Monday 3 November 2014

Perspektif Al-Qur'an; Hutang-piutang dalam Jual-beli Kredit

 Perspektif Al-Qur'an; Hutang-piutang dalam Jual-beli Kredit

oleh: M.e. Widjaya


BAB I
PENDAHULUAN
Latar Belakang
Islam merupakan agama yang sangat menganjurkan sedekah dengan berbagai cara atau aturan dan bentuk yang diajarkan. Sedekah merupakan implementasi rasa kasih sayang yang murni. Sedekah mendapatkan apresiasi sunnah dalam hukum Islam. Bahkan ada bentuk sedekah yang diwajibkan, semisal zakat dan lainnya.
Praktek riba dalam Islam tidak diharumkan atau dilarang, karena merupakan pengejawantahan kekejaman dan kekerasan hati.
Pelarangan mengambil keuntungan melelui riba dan perintah bersedekah sering menimbulkan kesan bahwa Islam tidak bersimpati terhadap orang yang memiliki harta atau mengumpulkannya. Untuk menghapuskan kesan itu, Islam merumuskan manajemen hutang-piutang yang mengakibatkan terpeliharanya harta. Sehingga lahir jalan tengah antara rahmat murni yang diperankan oleh sedekah dan kekejaman yang diperagakan oleh riba.
Pada dasarnya hutang-piutang adalah bentuk tolong-menolong.
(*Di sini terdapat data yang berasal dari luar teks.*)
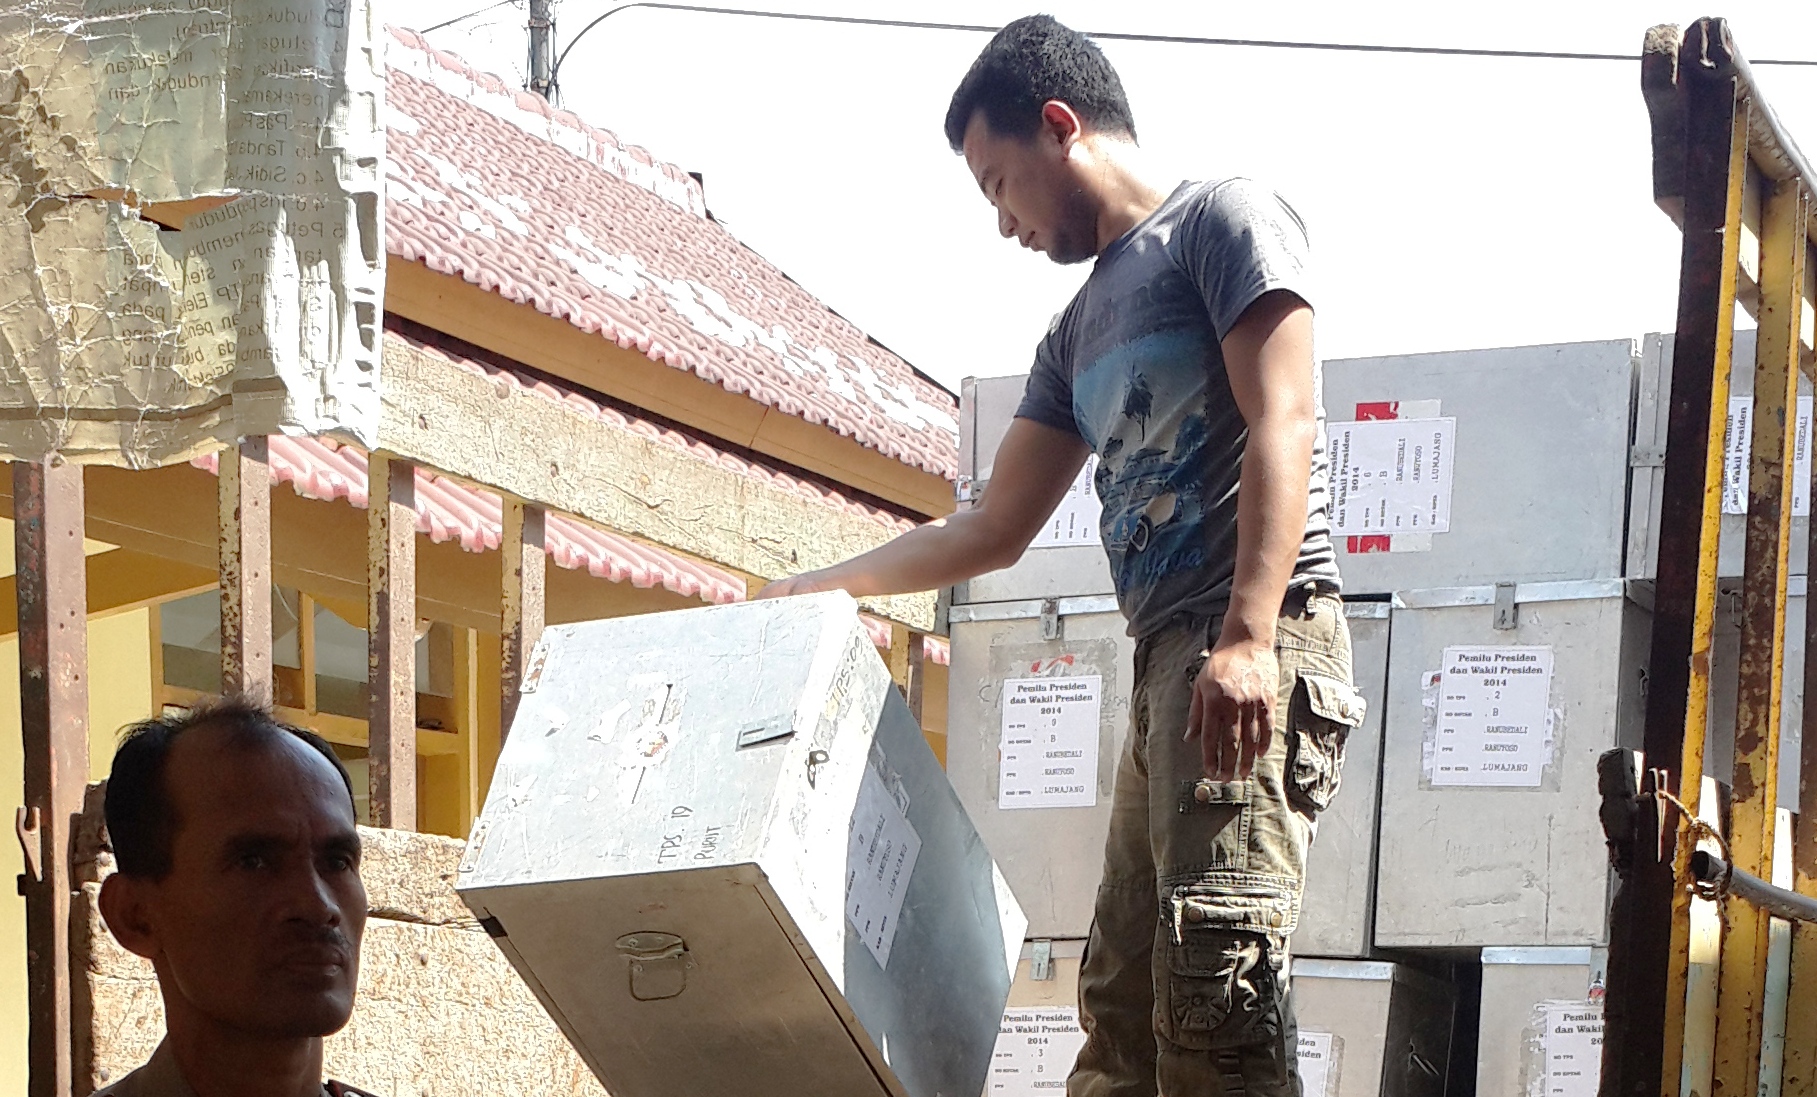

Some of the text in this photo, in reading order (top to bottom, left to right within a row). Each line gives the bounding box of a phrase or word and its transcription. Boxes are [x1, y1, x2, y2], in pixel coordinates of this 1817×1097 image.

[1735, 406, 1747, 453] Presiden
[1329, 439, 1338, 483] Presiden
[1337, 431, 1350, 527] dan Wakil Presiden
[1458, 653, 1537, 662] Pemilu Presiden
[1450, 666, 1543, 674] dan Wakil Presiden
[1017, 683, 1087, 693] Pemilu Presiden
[1028, 695, 1053, 704] Wakil
[1055, 694, 1093, 703] Presiden
[1036, 1014, 1073, 1022] Presiden
[1563, 1013, 1597, 1021] Pemilu
Karena debitor (orang yang berhutang) akan tertolong dalam pemenuhan kebutuhannya. Dengan itu, kreditor (orang yang memberi hutangan) telah menolong debitor.
Namun pada realisasinya, masih banyak praktek hutang-piutang yang berkedok tolong-menolong, akan tetapi ada modus pengaisan laba didalamnya. Salah satunya adalah bentuk transaksi jual beli kredit atau dihutangkan dengan harga lebih mahal dari harga tunainya.
Tentu hal ini sangat menarik kita bahas. Karena melihat kenyataan yang ada, jual-beli dengan sistem kredit untuk masa kini telah menjadi trend untuk konsumen yang tidak mampu membayar secara cash atau tunai.
Penulis dalam hal ini akan membahas ayat-ayat al-Qur’an yang berkaitan dengan masalah hutang-piutang dan menganalisa poin konteks ayat dalam kehidupan sekarang.
BAB II
PEMBAHASAN
Pengertian Hutang-piutang
Hutang-piutang dalam kajian fiqh sering disebut al-Qardhu. Al-qardhu secara bahasa artinya adalah al-qath’u (memotong). Dinamakan demikian karena pemberi utang (muqrid, al-mudiin atau debitor) memotong sebagian hartanya dan memberikannya kepada si pengutang (muqtarid, ad-daa’in atau  kreditor).
Adapun definisi syara’nya adalah memberikan harta kepada orang yang mengambil manfaatnya, lalu orang tersebut mengembalikan gantinya yang ada dalam tanggungannya. Termasuk dalam pengertian harta yaitu; uang, binatang, dan barang dagangan[1].
Dari pengertian ini, membeli motor dengan ganti uang yang ditempo masuk dalam pengertian hutang.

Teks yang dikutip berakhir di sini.